Executives at GM tell AutoNews that output has picked up in recent months and continues to rise as all four of GM’s brands plan to launch EVs next year en route to an all-electric light-duty lineup by 2035. CEO Mary Barra says the automaker built 50,000 EVs in North America in the first half of this year. However, 80 percent of those were Chevy Bolts built on GM’s soon-to-be-dead battery architecture. It apparently intends to build 100,000 EVs in the second half of this year, and a larger share of them will be on GM’s Ultium platform.

She went on to say that over 2,000 Lyriqs and Hummer EVs reserved by customers were in transit to dealers by the end of June. Additionally, another executive said that over 1,000 Lyriqs were delivered to customers in July. Just for reference, AutoNews says it took GM nearly a year to deliver its first 1,000 Lyriqs.

“There’s been some criticism that we should have been faster with our EVs. We’re going as fast as we can, but we wanted to make sure we were leveraging a platform that’s going to give us efficiency with Ultium and that consumers weren’t going to have to compromise,” Barra reportedly said. “I’m very confident with the product portfolio we have coming, the pricing and the demand.”

During an earnings call at the end of July, Barra said that an automation equipment supplier issue slowed battery module assembly, and because of that, the company sent manufacturing engineering terms to help build manual assembly lines. She also said GM plans to add module capacity this year at its EV plants in Michigan, Tennessee, Mexico, and by the middle of next year, Ontario.

“We’ve already seen a lot of improvement from, I’ll say, the last four to six weeks. We’re going to continue on that path. We’ve also added additional lines because we don’t want module production to gate our launch of all the products that we have coming in the second half of this year and continuing into next,” Barra said during the call. “And we know we’re going to need that module assembly capability anyway as we continue to grow.”

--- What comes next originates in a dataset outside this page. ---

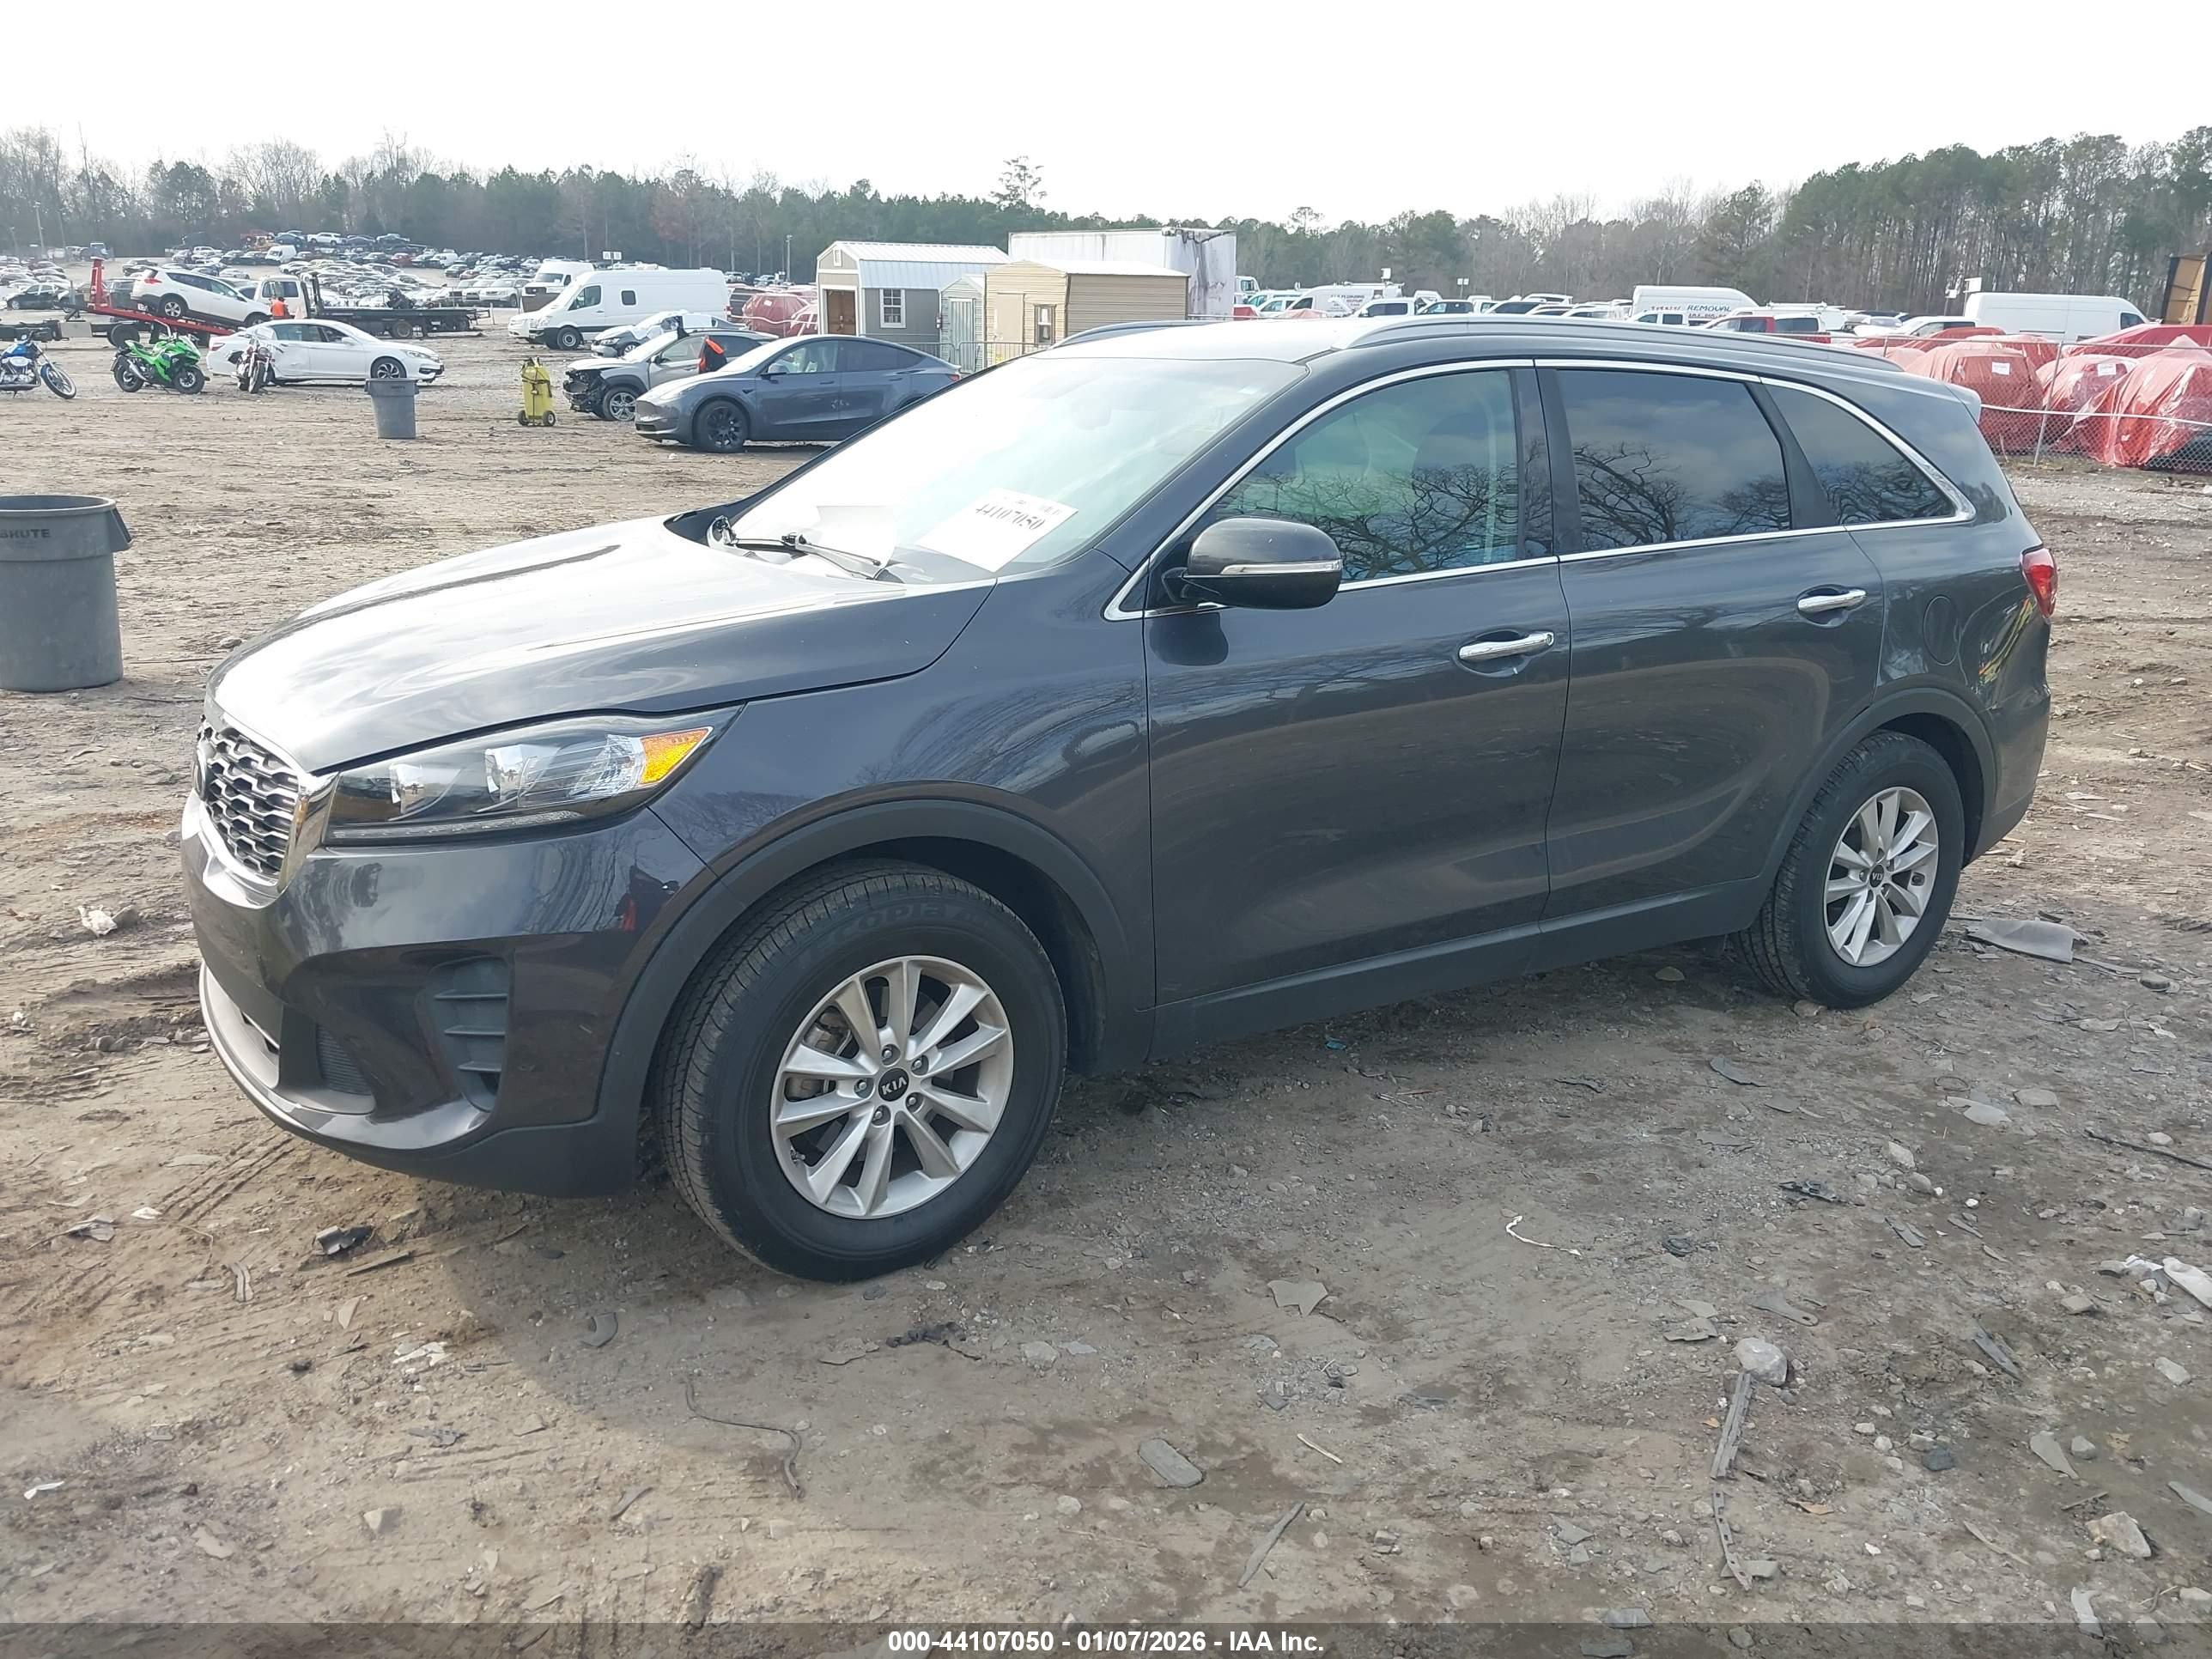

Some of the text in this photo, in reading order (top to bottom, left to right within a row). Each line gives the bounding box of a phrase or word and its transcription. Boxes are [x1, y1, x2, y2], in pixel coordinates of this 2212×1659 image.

[1686, 304, 1732, 313] REMOVAL
[975, 503, 1047, 530] 44107050
[881, 1076, 908, 1096] KIA

Selling the cars doesn’t seem to be a problem at all for GM. It’s just getting them built. The head of a large dealer network in the San Francisco Bay Area told the outlet that the backlog of orders is so long it could take a year to fulfill.

Speaking about his Santa Clara Cadillac dealership, he said “if that store had 400 Lyriqs today, we could sell all 400. Demand is really high.”